→ Your instructions
Please retype the records below exactly, omitting any images.

→ Material shown
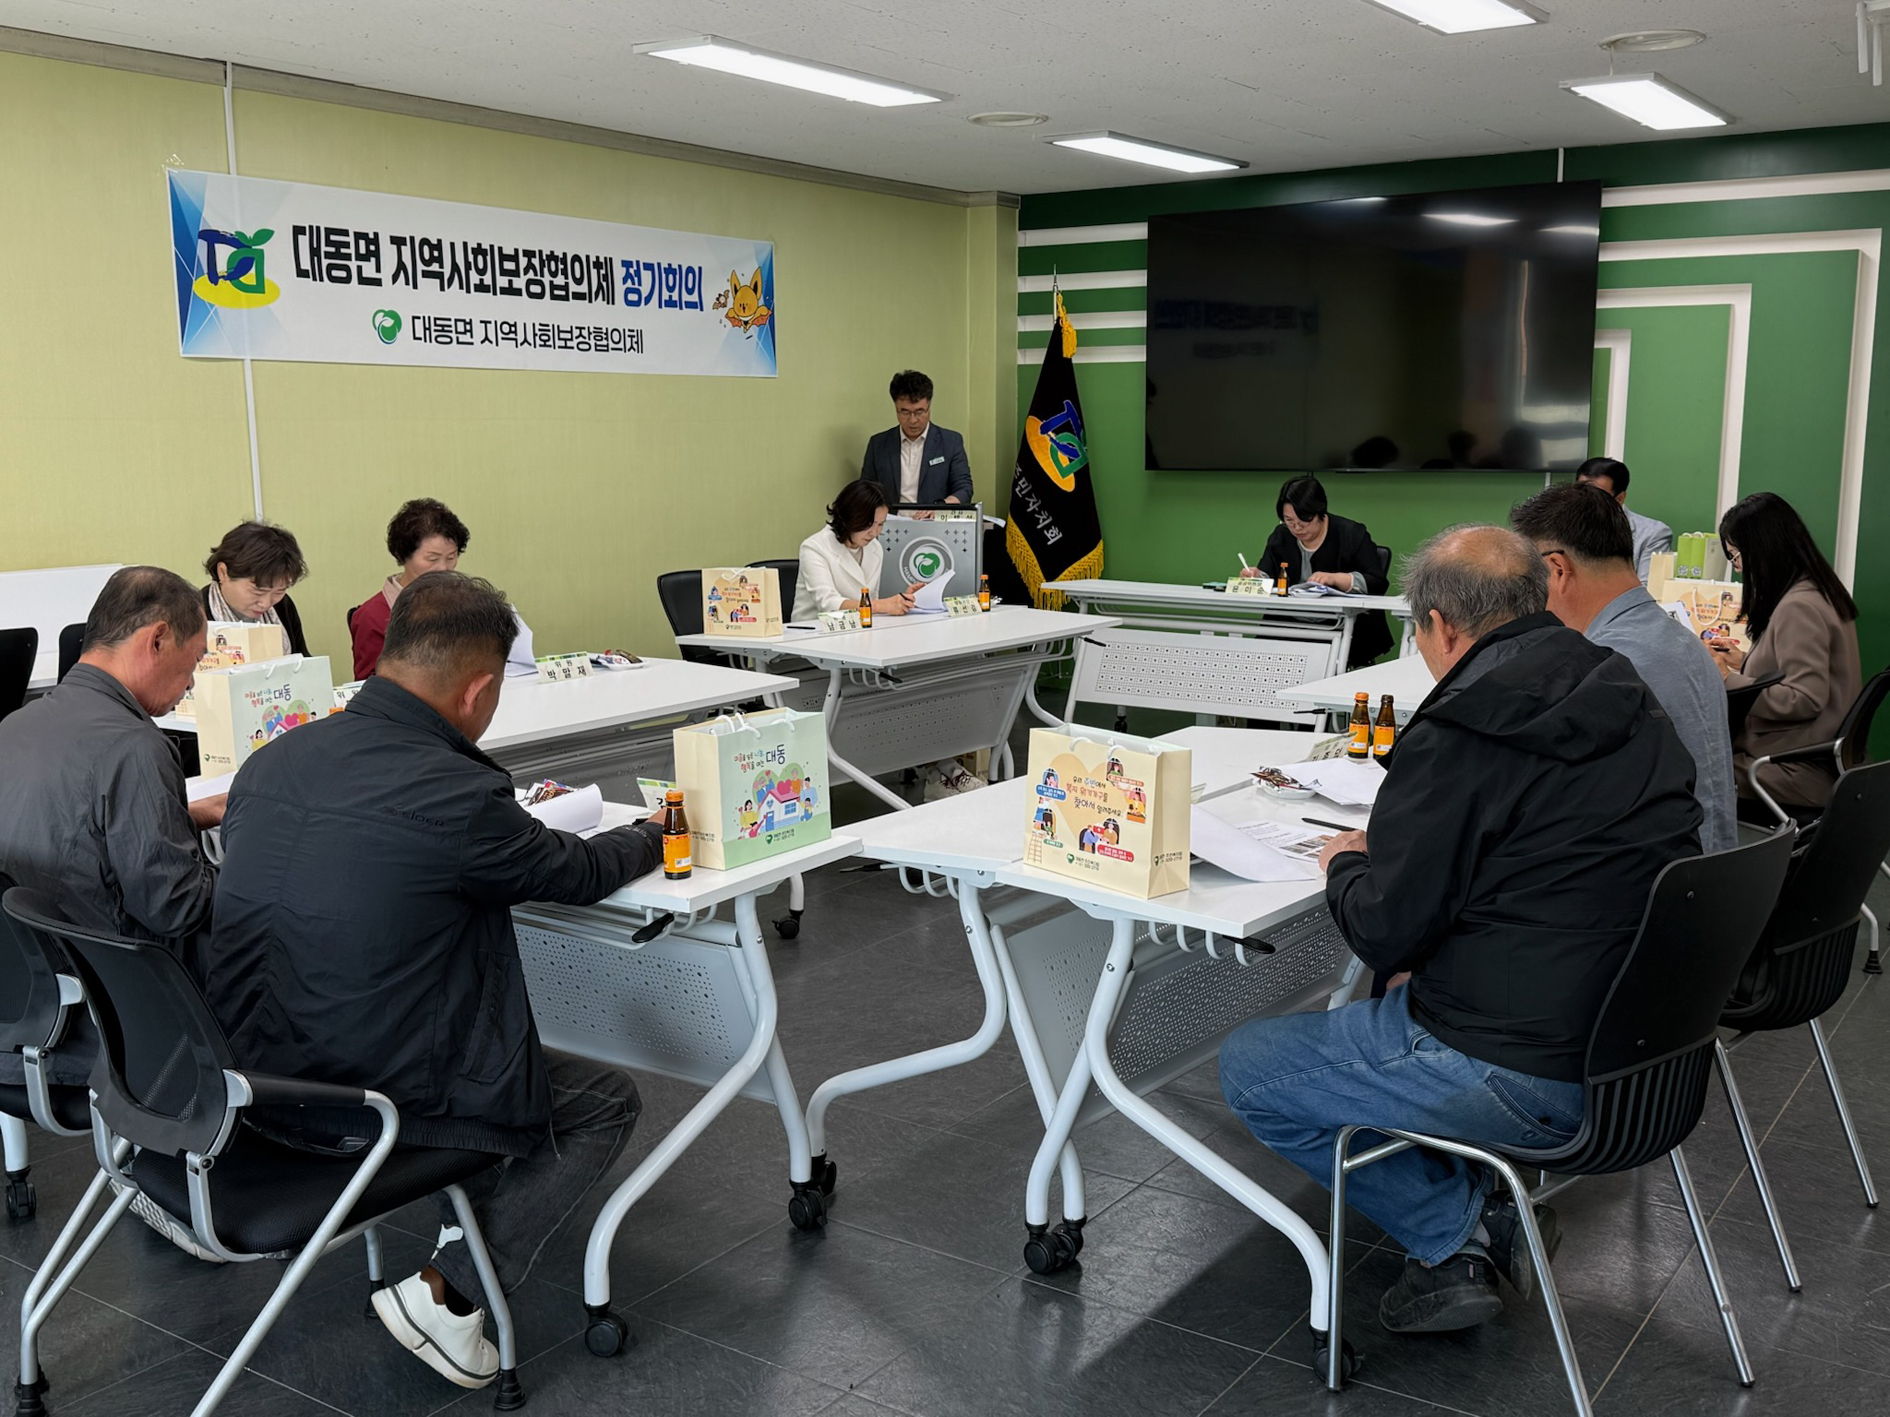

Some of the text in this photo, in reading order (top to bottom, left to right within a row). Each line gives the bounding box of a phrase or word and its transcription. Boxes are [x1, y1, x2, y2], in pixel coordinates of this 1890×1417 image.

[292, 224, 704, 312] 대동면 지역사회보장협의체 정기회의
[411, 315, 644, 354] 대동면 지역사회보장협의체
[273, 683, 292, 701] 대동
[765, 743, 786, 765] 대동
[1066, 782, 1078, 793] 복지
[1084, 777, 1107, 789] 주변에서
[1074, 796, 1096, 809] 찾아서
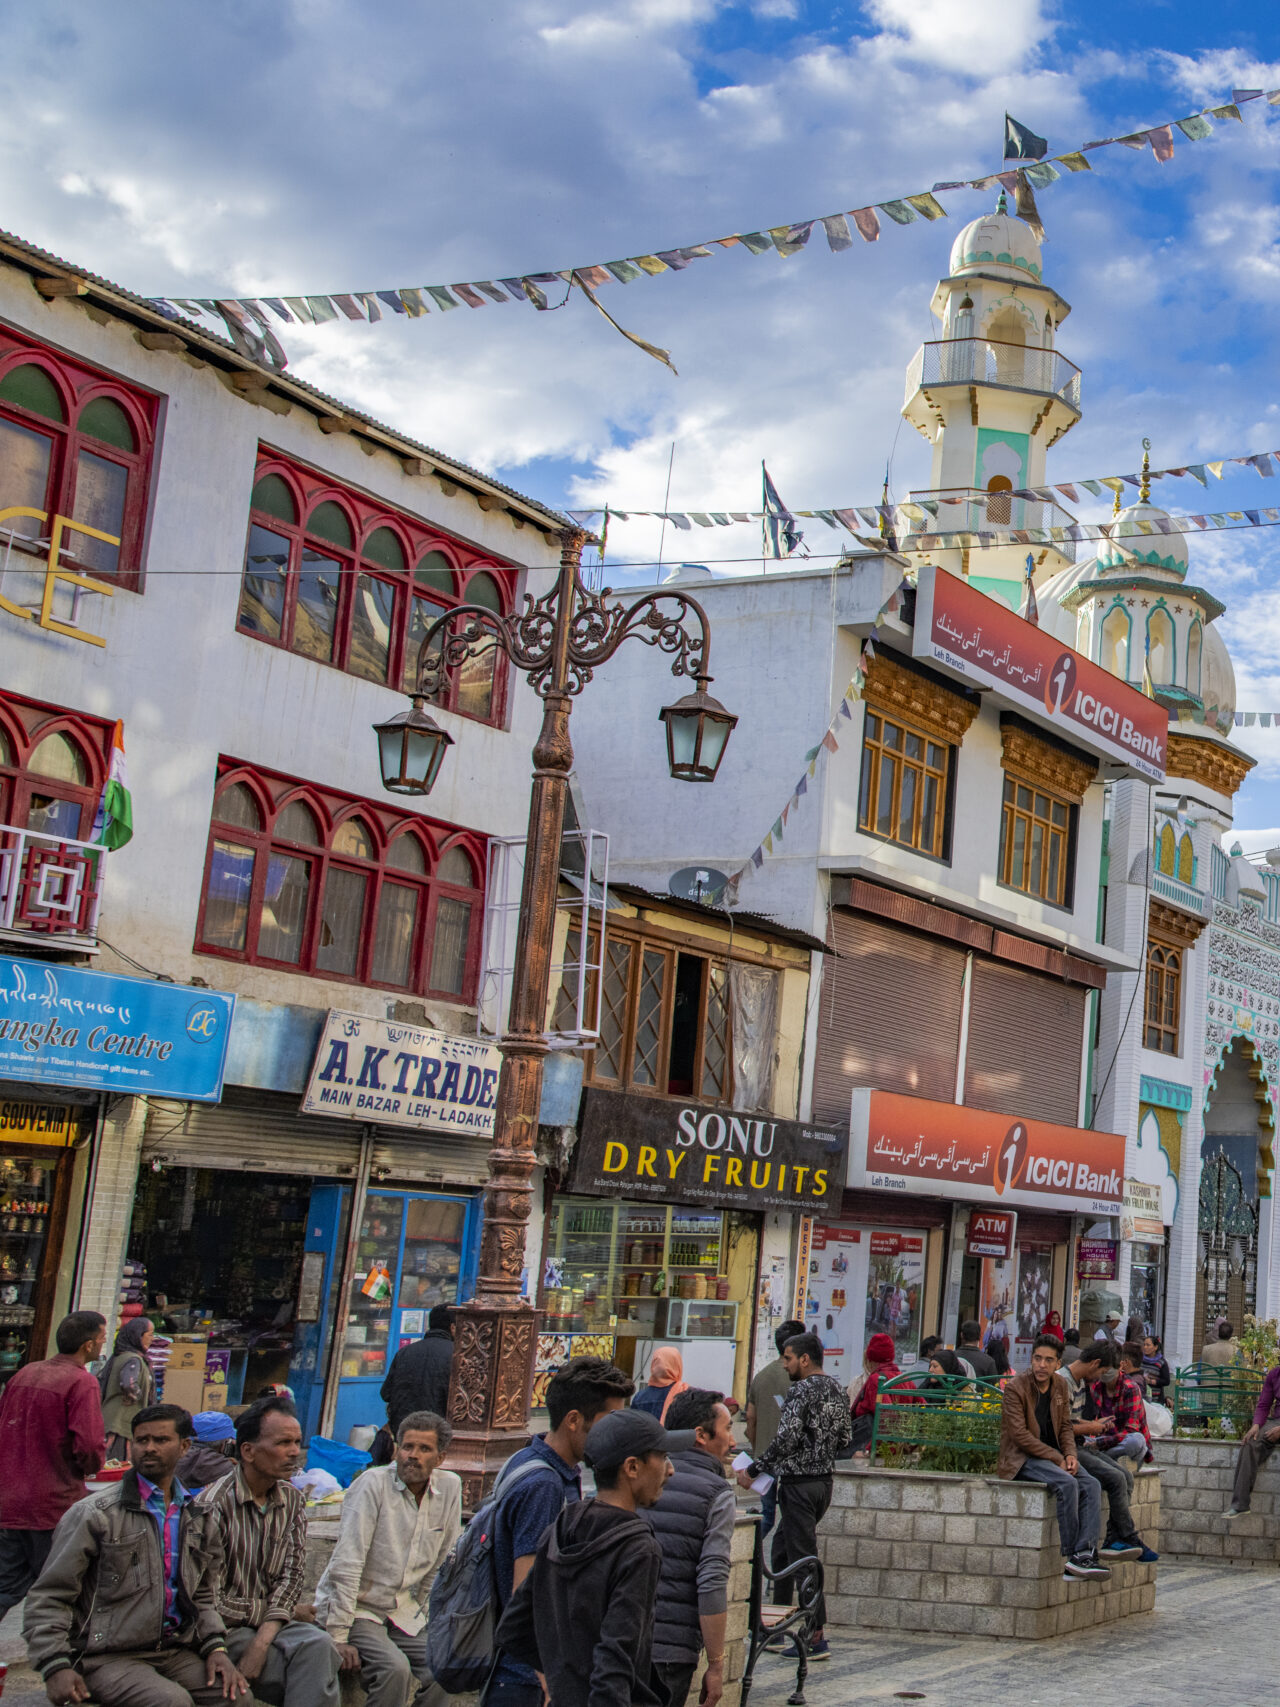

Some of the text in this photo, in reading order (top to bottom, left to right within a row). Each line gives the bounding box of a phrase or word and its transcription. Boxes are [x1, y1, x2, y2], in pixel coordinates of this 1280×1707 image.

[934, 647, 965, 672] Leh Branch
[1074, 690, 1164, 763] ICICI Bank
[1152, 766, 1163, 780] ATM
[187, 1009, 217, 1036] LTC
[87, 1026, 173, 1061] Centre
[10, 1051, 34, 1062] Shawls
[36, 1056, 49, 1064] and
[50, 1056, 75, 1067] Tibetan
[76, 1060, 109, 1071] Handicraft
[109, 1065, 121, 1073] gift
[121, 1066, 138, 1075] items
[391, 1051, 498, 1111] TRADE
[319, 1087, 353, 1106] MAIN
[356, 1094, 402, 1114] BAZAR
[0, 1102, 66, 1134] SOUVENIR
[676, 1109, 778, 1158] SONU
[603, 1141, 828, 1196] DRY FRUITS
[871, 1174, 906, 1189] Leh Branch
[1025, 1155, 1122, 1196] ICICI Bank
[1092, 1201, 1120, 1213] 24 Hour ATM
[974, 1217, 1007, 1233] ATM
[797, 1222, 809, 1320] BEST FORE

→ Result
Some of the text in this photo, in reading order (top to bottom, left to right within a row). Each line gives the bounding box of a phrase or word and its transcription. Boxes are [x1, y1, x2, y2], in pixel coordinates of this 1890×1417 image.

[292, 224, 704, 312] 대동면 지역사회보장협의체 정기회의
[411, 315, 644, 354] 대동면 지역사회보장협의체
[273, 683, 292, 701] 대동
[765, 743, 786, 765] 대동
[1066, 782, 1078, 793] 복지
[1084, 777, 1107, 789] 주변에서
[1074, 796, 1096, 809] 찾아서

Some of the text in this photo, in reading order (top to bottom, left to right within a row). Each line gives the bounding box of a phrase or word and its transcription. Boxes are [x1, y1, x2, y2], in pixel coordinates of this 1280×1707 image.

[934, 647, 965, 672] Leh Branch
[1074, 690, 1164, 763] ICICI Bank
[1152, 766, 1163, 780] ATM
[187, 1009, 217, 1036] LTC
[87, 1026, 173, 1061] Centre
[10, 1051, 34, 1062] Shawls
[36, 1056, 49, 1064] and
[50, 1056, 75, 1067] Tibetan
[76, 1060, 109, 1071] Handicraft
[109, 1065, 121, 1073] gift
[121, 1066, 138, 1075] items
[391, 1051, 498, 1111] TRADE
[319, 1087, 353, 1106] MAIN
[356, 1094, 402, 1114] BAZAR
[0, 1102, 66, 1134] SOUVENIR
[676, 1109, 778, 1158] SONU
[603, 1141, 828, 1196] DRY FRUITS
[871, 1174, 906, 1189] Leh Branch
[1025, 1155, 1122, 1196] ICICI Bank
[1092, 1201, 1120, 1213] 24 Hour ATM
[974, 1217, 1007, 1233] ATM
[797, 1222, 809, 1320] BEST FORE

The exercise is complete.